Крымская война позорно завершилась, и Наполеон III созвал мирную конференцию в Париже, назначенную на 24 февраля 1856 года. В России на трон взошел молодой царь Александр II, прекрасно осознававший, что поражения имели системный, а не частный характер. Царский режим нуждался в реформе, модернизации, в привлечении к государственным делам растущего образованного среднего класса. Крымская война оказала на Россию такое же отрезвляющее воздействие, какое произвела на Пруссию пятьдесят лет назад битва при Йене. Царь должен был, не подрывая аристократию, привить системе патриотизм и «интеллект». Крестьян надо было отпустить на волю.

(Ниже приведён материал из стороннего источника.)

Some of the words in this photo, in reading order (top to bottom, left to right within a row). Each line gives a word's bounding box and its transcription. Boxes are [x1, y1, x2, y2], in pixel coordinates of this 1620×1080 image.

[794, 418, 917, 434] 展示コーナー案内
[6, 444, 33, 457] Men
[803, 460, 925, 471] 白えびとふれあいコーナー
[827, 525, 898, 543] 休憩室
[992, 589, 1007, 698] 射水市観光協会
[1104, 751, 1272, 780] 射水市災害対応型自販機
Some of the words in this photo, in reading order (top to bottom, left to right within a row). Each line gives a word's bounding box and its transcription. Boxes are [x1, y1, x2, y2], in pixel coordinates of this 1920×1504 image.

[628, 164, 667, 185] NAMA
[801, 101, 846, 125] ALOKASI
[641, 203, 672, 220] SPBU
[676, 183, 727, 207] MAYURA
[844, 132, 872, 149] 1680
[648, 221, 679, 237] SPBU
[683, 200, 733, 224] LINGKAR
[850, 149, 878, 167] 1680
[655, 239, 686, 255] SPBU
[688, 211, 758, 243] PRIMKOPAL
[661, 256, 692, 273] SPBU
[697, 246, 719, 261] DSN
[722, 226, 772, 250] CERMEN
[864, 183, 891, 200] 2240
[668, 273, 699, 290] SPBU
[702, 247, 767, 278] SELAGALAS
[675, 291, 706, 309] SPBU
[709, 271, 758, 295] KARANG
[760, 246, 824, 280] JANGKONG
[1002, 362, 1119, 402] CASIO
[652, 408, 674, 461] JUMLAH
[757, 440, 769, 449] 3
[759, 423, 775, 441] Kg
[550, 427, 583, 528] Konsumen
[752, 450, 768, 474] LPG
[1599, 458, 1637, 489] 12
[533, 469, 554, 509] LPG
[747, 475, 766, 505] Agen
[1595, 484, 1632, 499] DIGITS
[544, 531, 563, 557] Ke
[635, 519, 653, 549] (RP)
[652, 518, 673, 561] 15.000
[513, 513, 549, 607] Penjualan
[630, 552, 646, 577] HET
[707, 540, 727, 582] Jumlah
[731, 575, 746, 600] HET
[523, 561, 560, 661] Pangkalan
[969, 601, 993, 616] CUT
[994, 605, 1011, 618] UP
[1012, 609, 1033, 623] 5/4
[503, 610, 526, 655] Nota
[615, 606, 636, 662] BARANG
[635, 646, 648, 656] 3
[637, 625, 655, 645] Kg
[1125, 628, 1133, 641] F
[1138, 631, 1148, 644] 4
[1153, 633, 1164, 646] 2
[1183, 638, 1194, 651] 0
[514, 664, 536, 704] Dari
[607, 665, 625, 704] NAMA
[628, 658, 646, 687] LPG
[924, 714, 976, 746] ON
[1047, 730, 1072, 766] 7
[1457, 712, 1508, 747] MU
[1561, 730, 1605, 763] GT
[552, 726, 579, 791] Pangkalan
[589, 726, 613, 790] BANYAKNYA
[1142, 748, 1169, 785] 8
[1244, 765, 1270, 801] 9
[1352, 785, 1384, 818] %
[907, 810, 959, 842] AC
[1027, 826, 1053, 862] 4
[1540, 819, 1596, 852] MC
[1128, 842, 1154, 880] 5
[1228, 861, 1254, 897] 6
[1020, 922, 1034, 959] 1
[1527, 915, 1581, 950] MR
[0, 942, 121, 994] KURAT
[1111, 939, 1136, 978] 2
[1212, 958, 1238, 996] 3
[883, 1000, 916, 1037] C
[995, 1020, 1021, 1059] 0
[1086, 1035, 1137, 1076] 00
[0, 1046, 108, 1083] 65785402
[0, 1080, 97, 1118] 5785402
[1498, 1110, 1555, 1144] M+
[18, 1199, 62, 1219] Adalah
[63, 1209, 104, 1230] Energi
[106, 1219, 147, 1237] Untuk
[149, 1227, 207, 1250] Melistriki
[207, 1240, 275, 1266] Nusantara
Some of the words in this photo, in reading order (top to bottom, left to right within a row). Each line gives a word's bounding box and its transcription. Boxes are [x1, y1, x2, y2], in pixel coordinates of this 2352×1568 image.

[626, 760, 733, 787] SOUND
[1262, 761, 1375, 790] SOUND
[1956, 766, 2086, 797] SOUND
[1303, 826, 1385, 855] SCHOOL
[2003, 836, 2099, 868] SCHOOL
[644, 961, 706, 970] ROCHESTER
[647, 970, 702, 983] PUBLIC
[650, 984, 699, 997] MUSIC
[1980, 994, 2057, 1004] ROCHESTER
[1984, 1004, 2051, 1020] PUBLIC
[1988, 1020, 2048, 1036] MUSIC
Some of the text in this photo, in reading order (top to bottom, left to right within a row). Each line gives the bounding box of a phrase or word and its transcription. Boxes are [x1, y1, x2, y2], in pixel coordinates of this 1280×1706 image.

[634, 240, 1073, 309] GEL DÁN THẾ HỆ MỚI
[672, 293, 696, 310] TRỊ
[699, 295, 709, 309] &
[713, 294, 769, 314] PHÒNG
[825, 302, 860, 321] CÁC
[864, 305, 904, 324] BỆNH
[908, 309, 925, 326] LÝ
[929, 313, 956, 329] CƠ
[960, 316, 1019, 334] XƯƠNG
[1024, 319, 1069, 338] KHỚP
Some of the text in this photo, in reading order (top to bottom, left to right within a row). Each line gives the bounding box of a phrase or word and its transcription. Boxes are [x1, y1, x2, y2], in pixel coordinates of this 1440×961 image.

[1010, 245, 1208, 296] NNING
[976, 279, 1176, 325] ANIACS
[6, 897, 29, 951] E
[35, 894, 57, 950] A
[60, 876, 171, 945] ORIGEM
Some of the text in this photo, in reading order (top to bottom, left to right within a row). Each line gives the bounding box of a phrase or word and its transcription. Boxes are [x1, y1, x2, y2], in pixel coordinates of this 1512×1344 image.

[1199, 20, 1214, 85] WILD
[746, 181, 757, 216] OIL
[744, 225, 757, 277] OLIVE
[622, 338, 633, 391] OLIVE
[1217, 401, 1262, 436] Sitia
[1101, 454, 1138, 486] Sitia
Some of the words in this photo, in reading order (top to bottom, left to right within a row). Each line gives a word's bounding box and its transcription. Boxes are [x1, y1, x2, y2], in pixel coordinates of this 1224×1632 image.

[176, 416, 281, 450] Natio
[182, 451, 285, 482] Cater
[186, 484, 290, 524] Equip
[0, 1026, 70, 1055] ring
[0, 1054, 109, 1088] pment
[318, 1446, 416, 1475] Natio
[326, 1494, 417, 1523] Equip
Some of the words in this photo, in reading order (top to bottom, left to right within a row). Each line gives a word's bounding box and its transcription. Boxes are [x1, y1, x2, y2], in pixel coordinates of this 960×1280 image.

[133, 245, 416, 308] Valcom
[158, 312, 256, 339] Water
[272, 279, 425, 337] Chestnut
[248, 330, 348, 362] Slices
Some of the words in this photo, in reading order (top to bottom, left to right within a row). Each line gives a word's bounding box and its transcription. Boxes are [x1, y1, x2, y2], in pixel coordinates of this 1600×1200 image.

Предстояло открыть земские школы, ввести уездные, губернские и городские управы. Масштабность и рискованность преобразований подтверждали прозорливое предупреждение Токвиля: «Самые опасные времена для плохого правительства наступают тогда, когда оно наконец решает заняться реформами»57. Это означало также то, что повергнутая и поглощенная внутренними проблемами Россия устранится от великодержавного соперничества. Если бы Россия не потерпела поражение в Крымской войне, то Бисмарк вряд ли бы смог осуществить свои три военные кампании по объединению Германии. В Центральной Европе с 1700 года действовало неписаное правило (оно остается в силе и сегодня): когда Россия крепнет, Германия слабеет, и наоборот: если Германия крепнет, то слабеет Россия. Для Пруссии было важно сохранять нейтралитет и поддерживать добрые отношения с Москвой. Австрийцы «предали» Россию и вряд ли могли рассчитывать на дружбу с бывшим союзником. Придет время, и Бисмарк воспользуется обиженностью России для ликвидации австрийского господства в Германии.